Death is, at best, an uncomfortable subject, and at worse, a terribly frightening thought that most would rather run from.  We have even gone so far as to say that it is normal and right to cast off any conversation, let alone thought or planning about death.  To prepare for this inevitable event is to be thought suicidal or just plain weird.

The truth is, though, that for many bereaved parents, this is the exact treasure we learn and grow from the death of our children: we will live fully, so as to know that our babies at least died well.  We can still purpose life from death, still grow hope and dare I say joy from excruciatingly impossible darkness.

And just as much as stillbirthday enters into the space of birth, providing options, information and resources for the Welcoming, we just as much provide validation, love and support for the Farewell.

While our comprehensively trained and certified SBD Doulas are well equipped to enter into any birth situation in any trimester, including coming alongside you in the places where birth and bereavement meet, to offer their expertise, professionalism, personalized attention and deeply devoted care, there is yet an0ther level of care that we offer here at stillbirthday, the Midwife of Thanatology.

Where an SBD Doula, who is a companion, might not feel he or she might take on a leadership role, an SBD Chaplain, who is a Midwife of Thanatology can offer authoritative support not only in the role of your doula, but also as a chaplain, officiating the farewell celebration that is right for you, and providing tangible support in the burial, cremation 0r other decisions you might make for your family.  He or she is knowledgeable in your right of sepulcher and other relevant laws or policies relating to what farewell options you have.  Visit this page to learn about both roles.

One of our SBD Doulas who owns her own business now, Blessings in the Belly, shared this article relating to “death midwifery“.  The thought of dying well might seem foreign to you, but is a profound and deeply valuable concept.

From the article:

The parallels between birth and death are numerous and remarkable. Like birth, dying is often associated with pain, uncertainty, and fear. In both cases, there is lots of waiting, certain signs occur reliably, and the final timing is not predictable. In neither case are health professionals in control. In death as in birth, patience, kindness, and privacy can make the experience more healing, bringing out more of the good and less of the bad in people.
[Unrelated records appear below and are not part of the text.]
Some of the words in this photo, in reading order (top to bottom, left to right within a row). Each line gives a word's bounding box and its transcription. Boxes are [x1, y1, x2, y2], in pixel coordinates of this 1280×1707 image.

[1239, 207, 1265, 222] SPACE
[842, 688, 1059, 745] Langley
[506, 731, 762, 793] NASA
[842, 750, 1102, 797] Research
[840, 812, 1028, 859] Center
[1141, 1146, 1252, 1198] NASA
And a health professional with appropriate training and experience can do a lot to help patients and families negotiate both transitions.
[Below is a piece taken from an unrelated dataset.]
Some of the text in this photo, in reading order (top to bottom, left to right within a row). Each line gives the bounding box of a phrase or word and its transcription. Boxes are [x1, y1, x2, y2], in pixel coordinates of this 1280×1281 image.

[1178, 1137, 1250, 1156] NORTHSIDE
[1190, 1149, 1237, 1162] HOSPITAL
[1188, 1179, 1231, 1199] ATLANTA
This speaks substantially to the benefit of a trained SBD Doula.  Just watch this little video for an even better understanding.  This video, incidentally, was shared to me by one of my clients I had the enormous honor of serving:

 

If you feel a compassion, an empathy, a desire to connect your love to others, please consider joining our globally recognized comprehensive birth & bereavement doula training and certification.
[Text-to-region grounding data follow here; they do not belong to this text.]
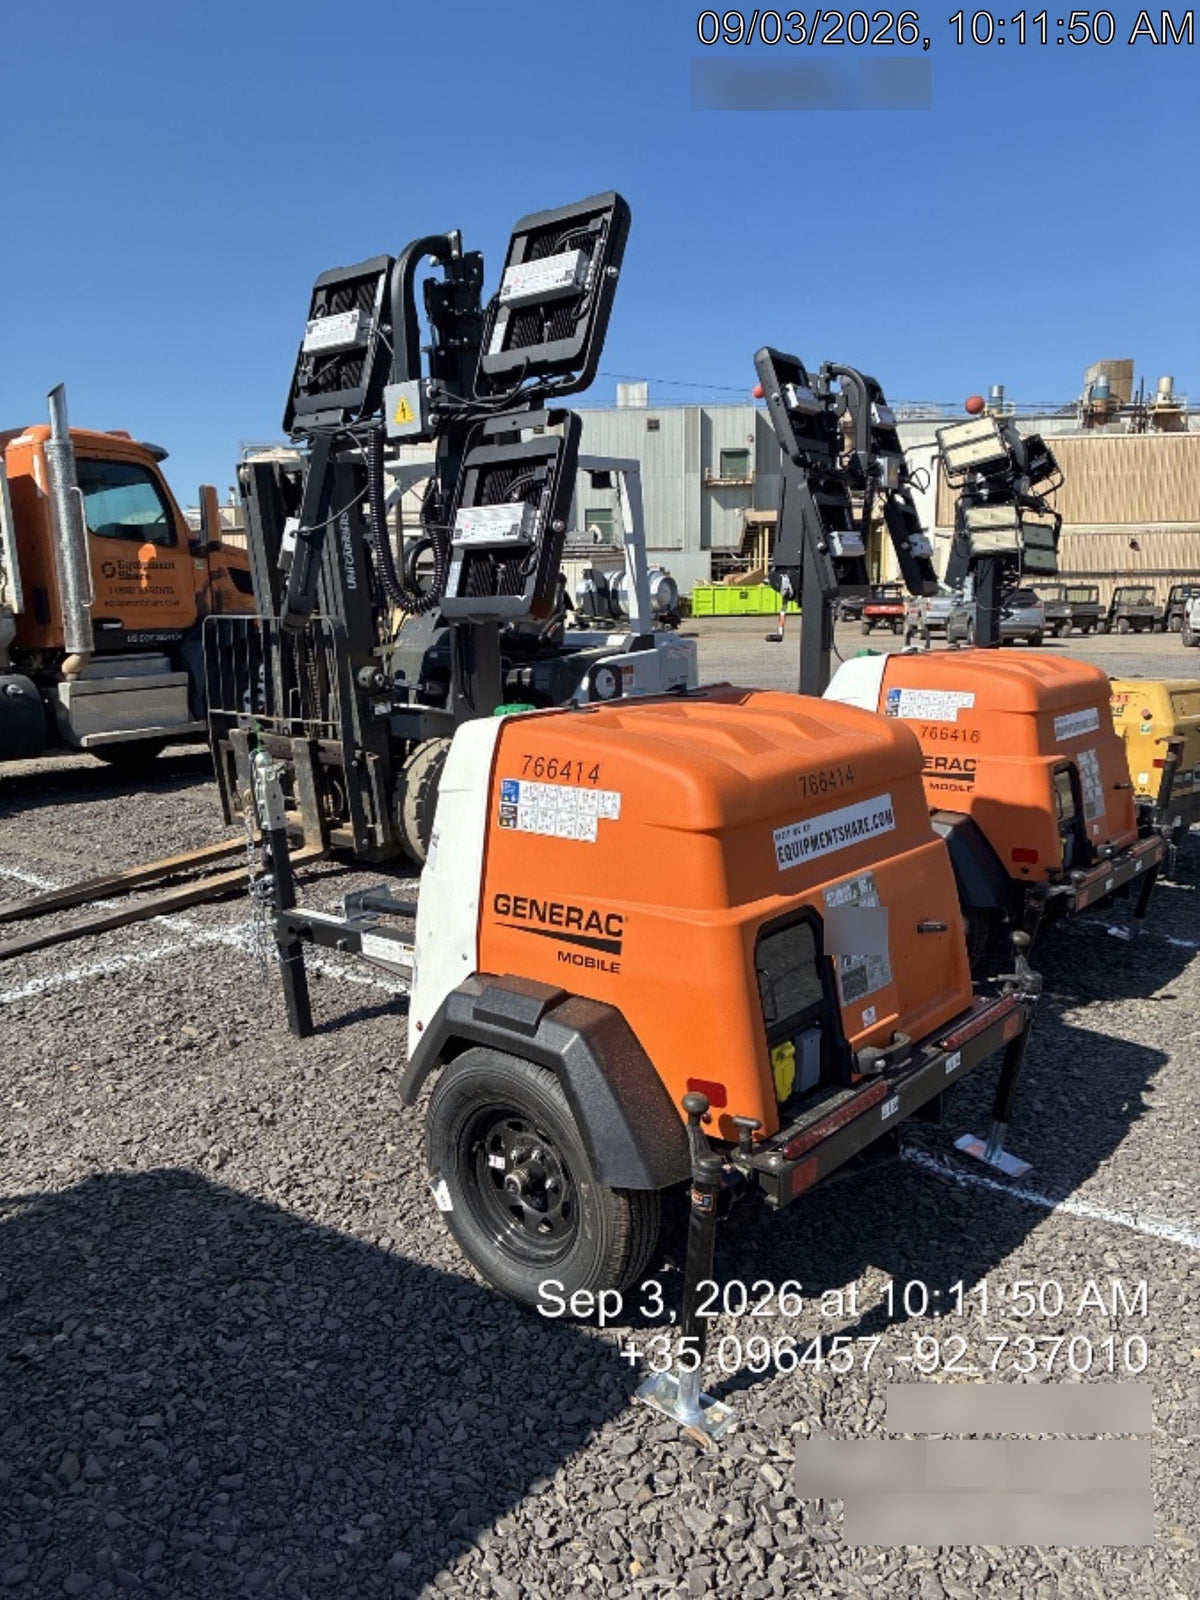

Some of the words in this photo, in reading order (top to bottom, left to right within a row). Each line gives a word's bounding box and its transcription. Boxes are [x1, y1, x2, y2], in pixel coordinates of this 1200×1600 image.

[920, 725, 981, 743] 766416
[521, 755, 600, 784] 766414
[924, 755, 977, 772] ERAC
[798, 764, 854, 797] 766414
[777, 808, 893, 863] EQUIPMENTSHARE.COM
[493, 893, 623, 937] GENERAC
[557, 950, 621, 974] MOBILE
And if you are already one of our amazing SBD doulas, I encourage you to consider joining our Midwife of Thanatology program, becoming an SBD Chaplain to provide an even more holistic support to the families you serve.

 

We currently have two wonderful opportunities for registering for our doula training:

  1. An SBD Doula is donating $200 into the doula program in 4 $50 increments as scholarship opportunities on behalf of her beloved children.  Is that not AMAZING?!  Here is her first one.
  2. Register for any 2014 session before the end of 2013 to enter a drawing for a free computer.  No, really.

 

If you’re already an SBD Doula, check out the Steve Butler scholarship!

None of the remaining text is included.